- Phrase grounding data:

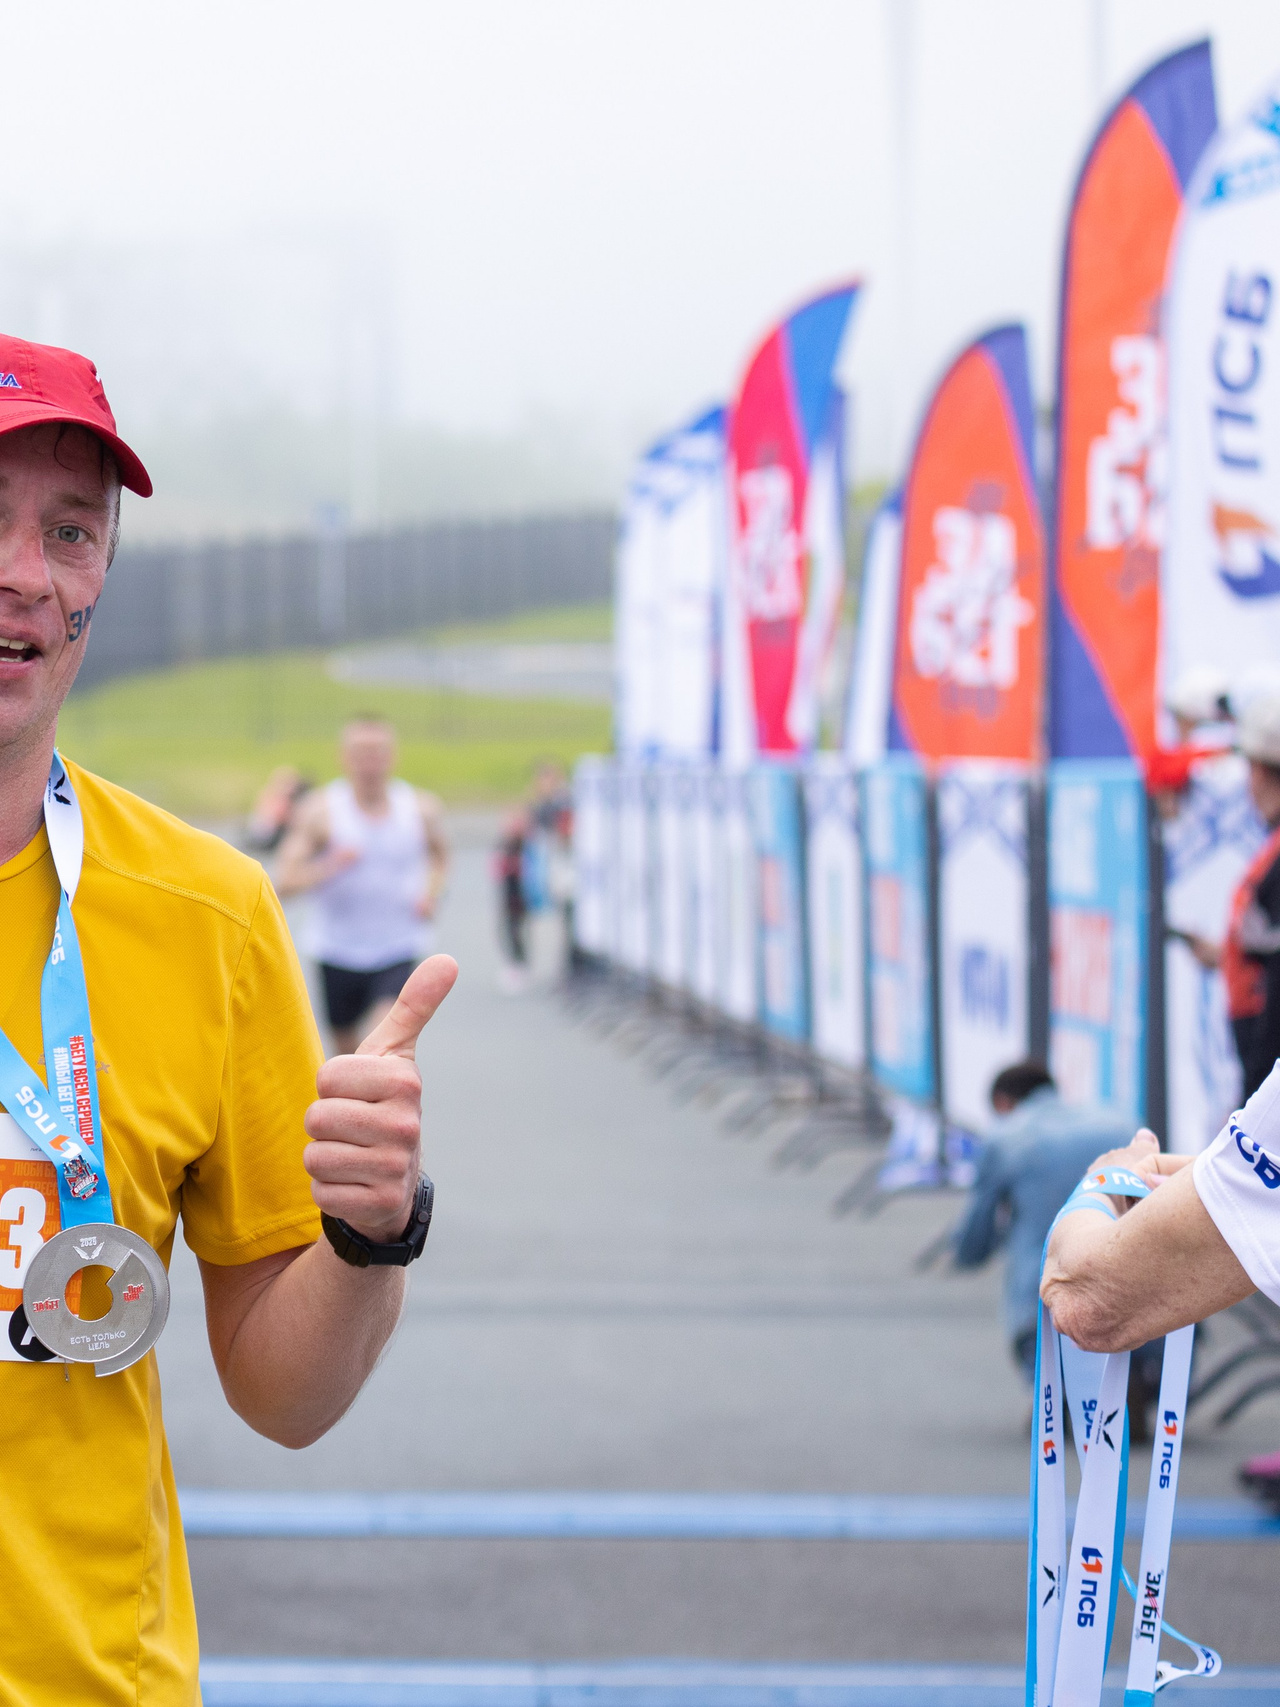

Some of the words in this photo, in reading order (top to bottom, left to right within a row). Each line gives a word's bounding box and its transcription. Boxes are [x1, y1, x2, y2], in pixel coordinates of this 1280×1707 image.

[1213, 268, 1274, 474] ПСБ
[69, 1035, 87, 1066] #БЕГУ
[57, 1085, 74, 1103] БЕГ
[73, 1067, 90, 1096] ВСЕМ
[15, 1085, 58, 1135] ПСБ
[60, 1104, 75, 1113] В
[76, 1098, 95, 1146] СЕРДЦЕМ
[1112, 1171, 1151, 1190] ПС
[69, 1336, 91, 1345] ЕСТЬ
[92, 1330, 126, 1342] ТОЛЬКО
[1043, 1383, 1054, 1434] ПСБ
[1159, 1442, 1174, 1490] ПСБ
[1077, 1579, 1098, 1629] ПСБ
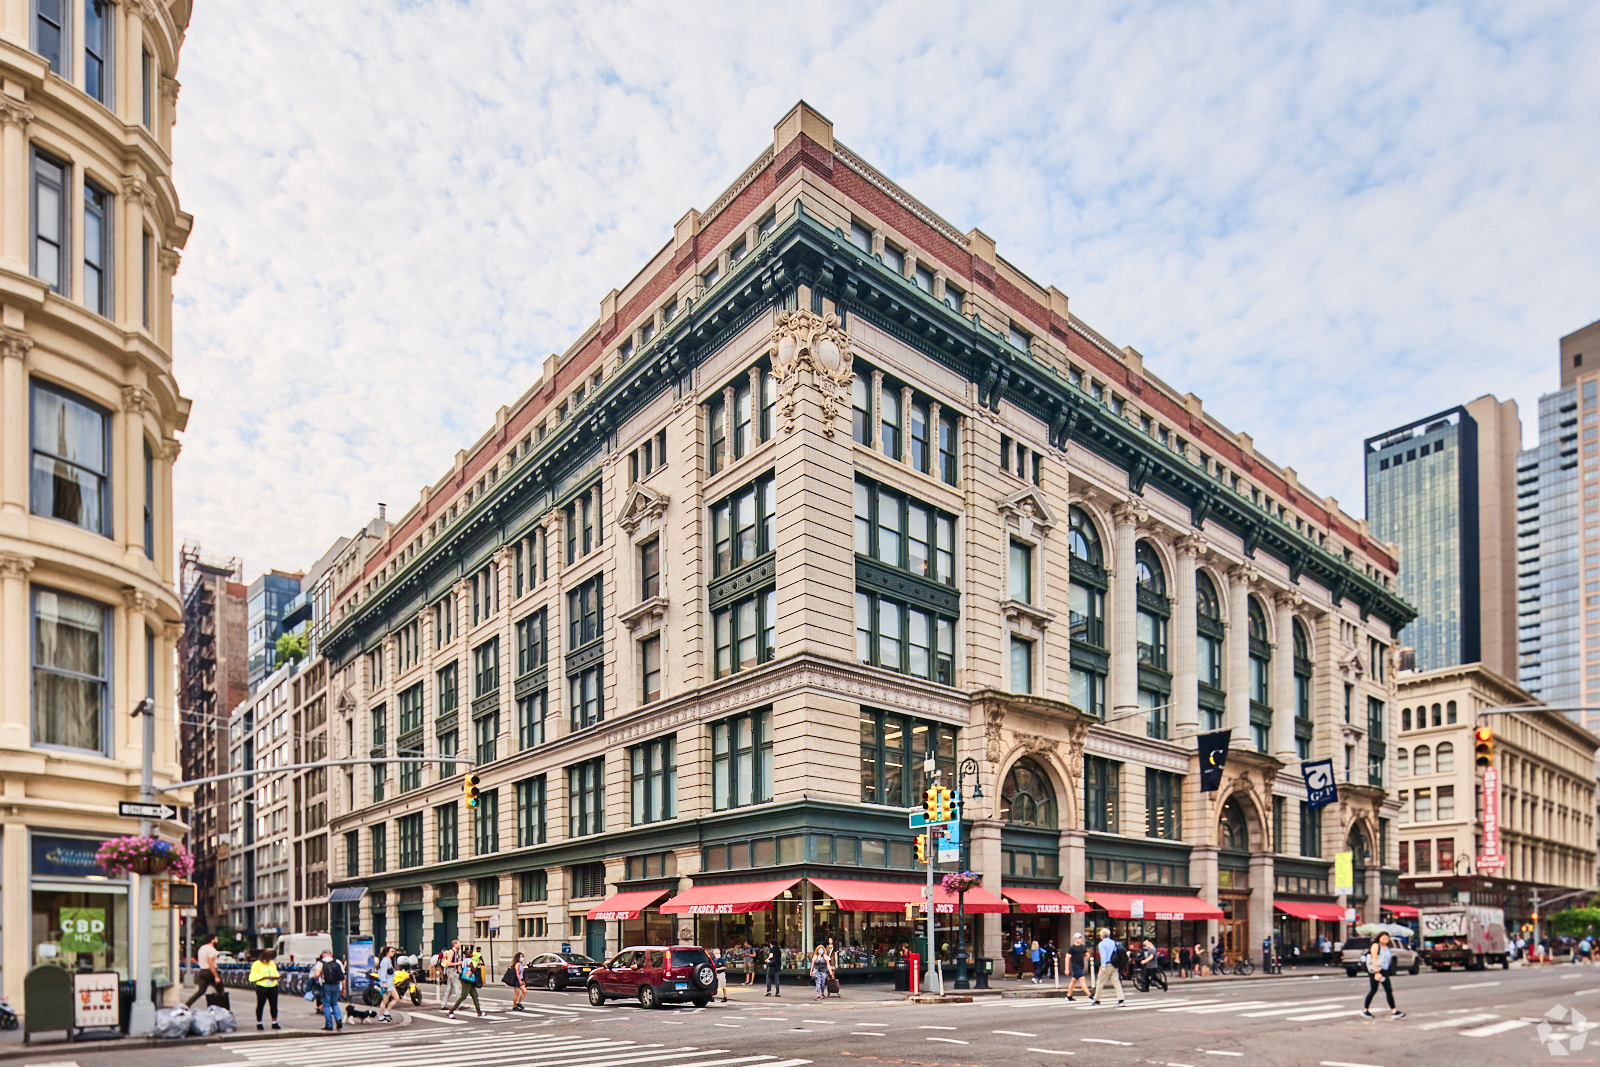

- Task objective: Give back each line above verbatim, dropping every picture.

- Written response:
Some of the words in this photo, in reading order (top to bottom, left to right within a row). Each line gives a word's bounding box and its transcription. Boxes are [x1, y1, x2, y2], in pixel coordinates of this 1280×1707 image.

[1213, 268, 1274, 474] ПСБ
[69, 1035, 87, 1066] #БЕГУ
[57, 1085, 74, 1103] БЕГ
[73, 1067, 90, 1096] ВСЕМ
[15, 1085, 58, 1135] ПСБ
[60, 1104, 75, 1113] В
[76, 1098, 95, 1146] СЕРДЦЕМ
[1112, 1171, 1151, 1190] ПС
[69, 1336, 91, 1345] ЕСТЬ
[92, 1330, 126, 1342] ТОЛЬКО
[1043, 1383, 1054, 1434] ПСБ
[1159, 1442, 1174, 1490] ПСБ
[1077, 1579, 1098, 1629] ПСБ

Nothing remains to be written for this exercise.